Tra le caritative che facciamo in seminario, a me, Giacomo e Daniele è stato chiesto di coinvolgerci con un gruppo di liceali legati alla parrocchia di Pantan Monastero, nella campagna romana adiacente al quartiere dove c’è il seminario.
Il venerdì ci troviamo con loro a studiare, cenare o guardare un film. Il sabato, i ragazzi ci raggiungono in seminario e parliamo di quello che è successo durante la settimana.
In questi primi mesi, in noi è nato il desiderio di proporre ai ragazzi una convivenza dove poter stare insieme davanti a qualcosa di bello. Così, in un week end di dicembre, siamo partiti per Assisi.
Appena arrivati, lo stupore davanti alla basilica di San Francesco ci ha fatto entrare da subito nella storia del santo. Gli affreschi di Giotto ci hanno poi aiutato a raccontarla. Davanti a un’immagine di Francesco con le stimmate, una ragazza ci ha chiesto: “Perché ha dei buchi nelle mani?”. L’abbiamo lasciata senza risposta fino a che l’affresco della basilica superiore le ha svelato l’arcano.
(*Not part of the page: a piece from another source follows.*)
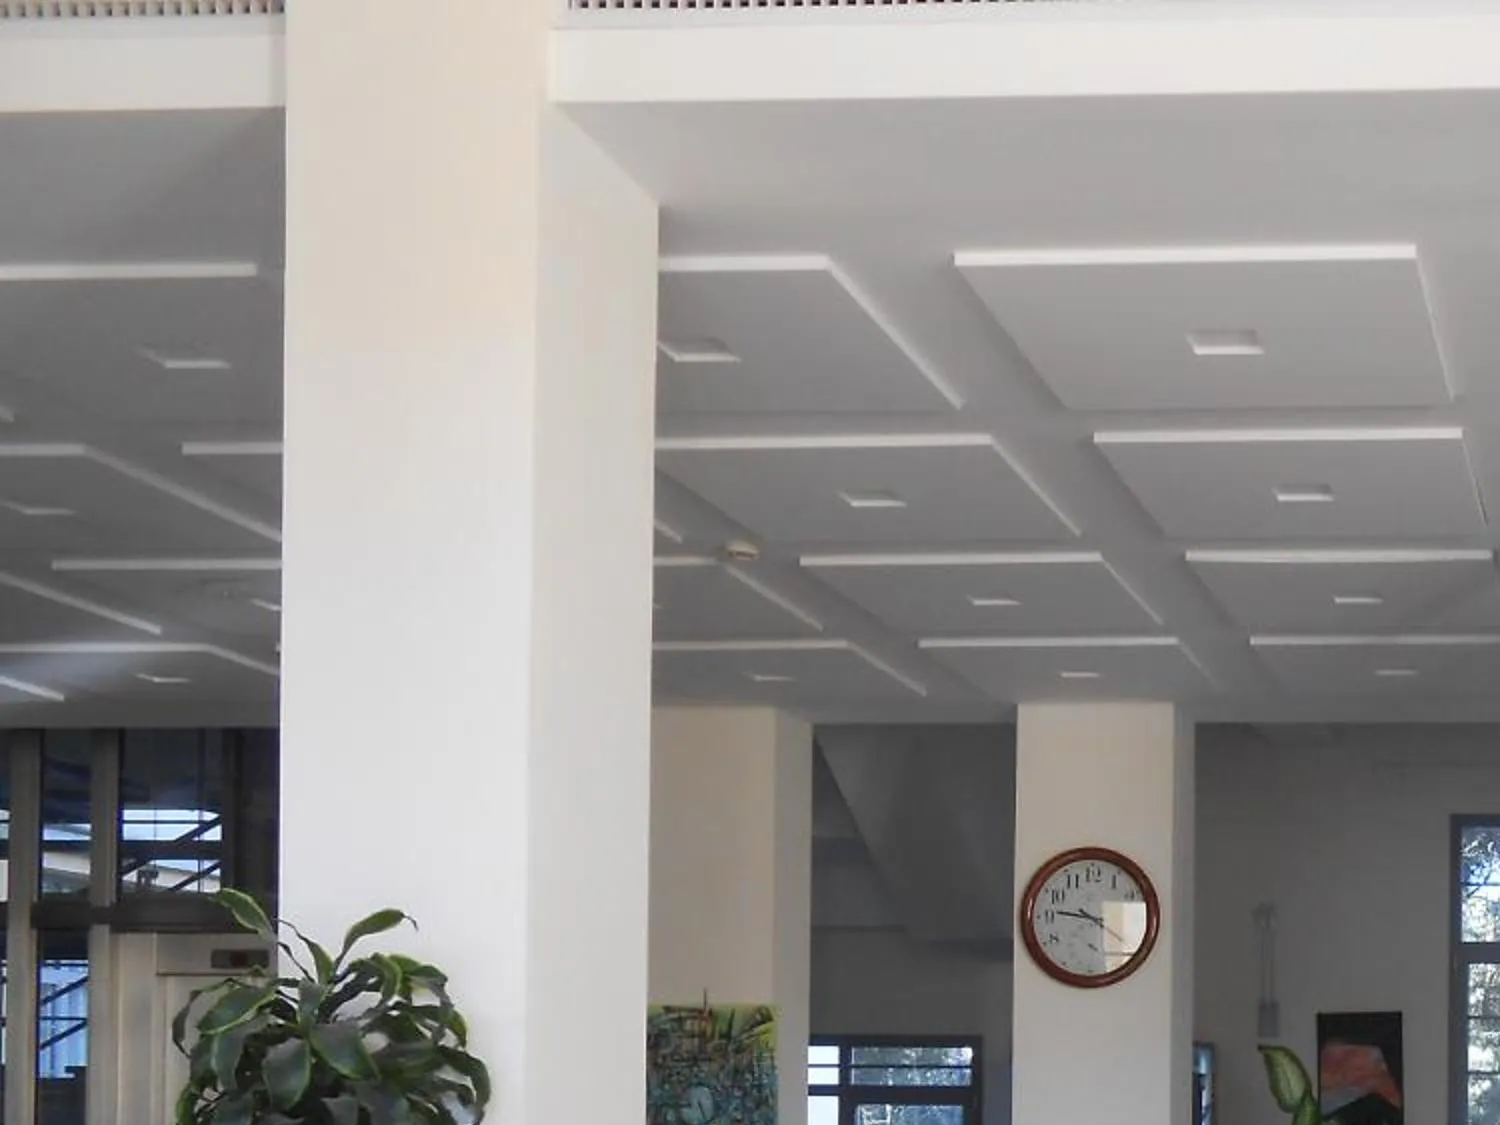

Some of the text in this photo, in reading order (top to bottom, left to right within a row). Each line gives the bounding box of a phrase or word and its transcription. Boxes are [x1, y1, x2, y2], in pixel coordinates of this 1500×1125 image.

Nel pomeriggio di sabato siamo andati a Trevi a trovare un’amica, una suora clarissa che vive in clausura. Insieme ai ragazzi, abbiamo ascoltato la sua storia: una ragazza di venticinque anni così attratta da Cristo da decidere di lasciare tutto e chiudersi in monastero. Le domande che le hanno rivolto sono state tante: “Perché sei entrata?”; “Puoi uscire?”; “Non ti manca viaggiare?”. Tutti sono rimasti stupiti per la letizia del suo volto e l’allegria del dialogo tra noi. Ritornati ad Assisi, la giornata si è conclusa con una camminata alla Rocca, tra le stradine medievali della città, e una cena a base di hamburger, preparata insieme ai ragazzi. La domenica, prima di un momento in cui ci siamo scambiati racconti e giudizi sulla convivenza, abbiamo visitato la basilica di Santa Chiara e gironzolato tra le bancarelle di Natale.
Tornati a Roma, ho ripensato alla verità della frase di Giussani, quando scrive: «La missione è lo struggimento che nasce dalla memoria dell’amore di Cristo per me». La compagnia tra noi seminaristi, le domande dei ragazzi, il racconto dell‘amica clarissa sono i modi attraverso cui Cristo si prende cura di me.
A partire da questa certezza, nasce in me il desiderio di essere strumento perché altri possano conoscere e incontrare Cristo. Così, la caritativa e l’amicizia con i liceali diventano occasione per ringraziare dei doni ricevuti e per attenderne di nuovi.

 

Nell’immagine, la Basilica di San Francesco ad Assisi.